At the end of November 2016, cyber criminals attempted to compromise Ask Toolbar Updater to utilize it as a tool for malware distribution. It appears that scammers were striving to employ the Ask Toolbar’s update feature to inject a malware dropper into PCs of people who were using browser add-on. Consequently, some clients of security firm Red Canary have sent complaints about suspicious software appearing on their computers, and the security firm has quickly reacted to these reports. Further analysis of the attack against Toolbar Updater reveals that cyber criminals were able to manipulate the dropper however they wanted to and use it to infect victim’s system with illegal software such as ransomware, banking Trojans, worms, keyloggers, and so on. Luckily, the attack was nipped in the bud shortly because the security firm contacted and released updates targeting flaws in the updater. Therefore, criminals no longer can exploit Toolbar for malevolent purposes.

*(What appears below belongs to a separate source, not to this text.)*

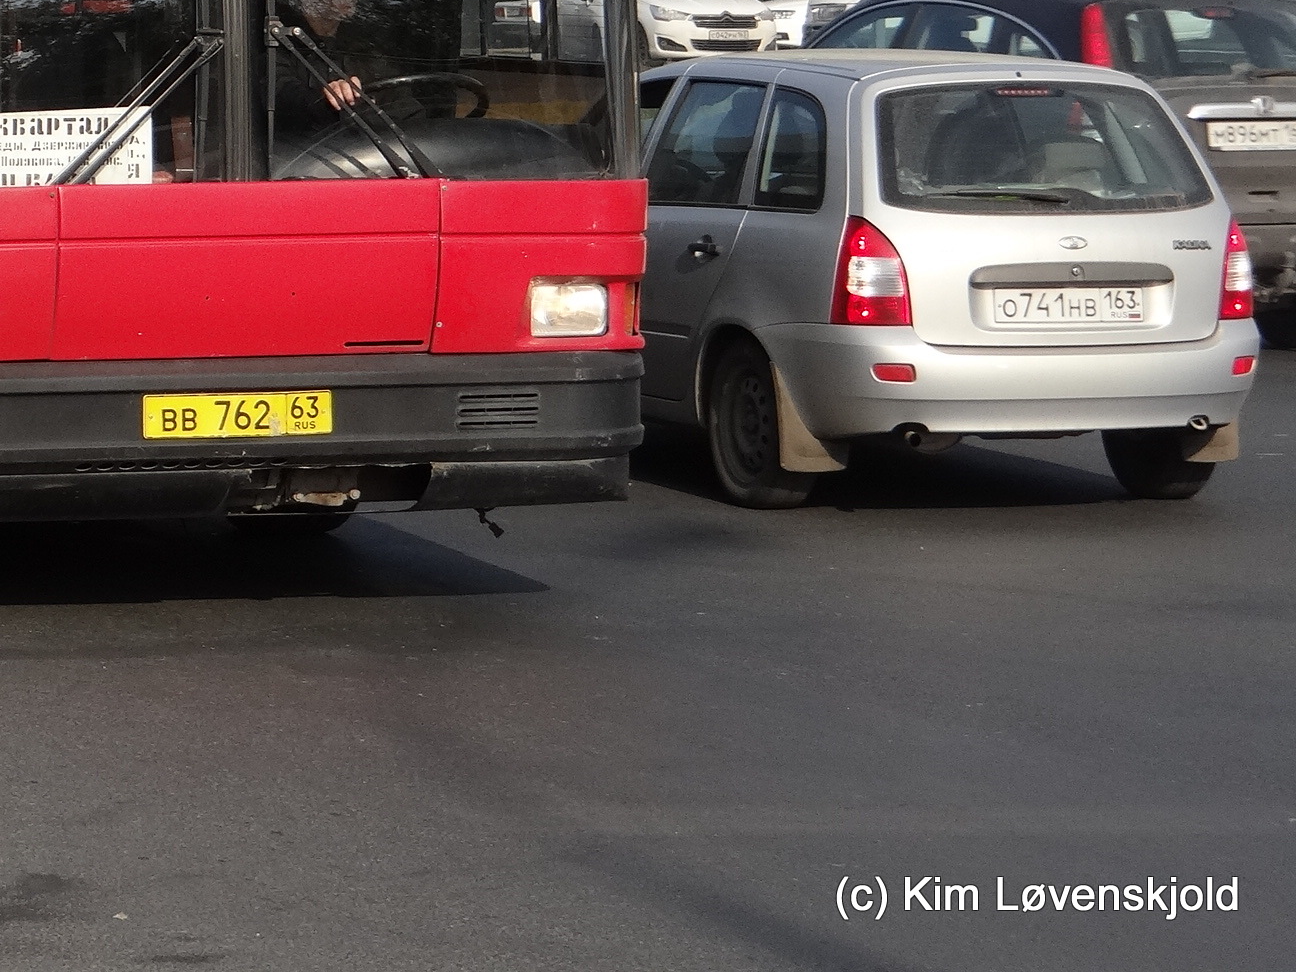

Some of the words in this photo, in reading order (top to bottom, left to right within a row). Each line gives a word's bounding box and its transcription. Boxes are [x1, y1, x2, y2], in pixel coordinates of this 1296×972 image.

According to security researchers, upon infection with the malware, victim’s web browser started to function suspiciously. It appears that the indicated toolbar’s update (apnmcp.exe file) induced suspicious secondary processes. Although the update file had a legitimate certificate, Red Canary’s monitoring system discovered an extra process that launched logo.png file. The file initiated a network connection, which was used to download 2-3 binaries that were executed by the same .png file later on. This shows that hackers might be testing opportunities to embed destructive payloads in .png format files.

Many computer users are aware of Toolbar and its not-so-great reputation. A backlash against this piece of software was caused by aggressive distribution techniques the company used to push it to computer users who were trying to install different software. This free browser add-on was frequently bundled with Java updates; due to its distribution techniques, this toolbar has been marked as a potentially unwanted program and a browser hijacker by many security firms. However, we must point out that the organization has nothing in common with the fulfillment of this attack, which was carried out by unidentified cybercriminals. The company quickly reacted and took necessary measures to stop the attack.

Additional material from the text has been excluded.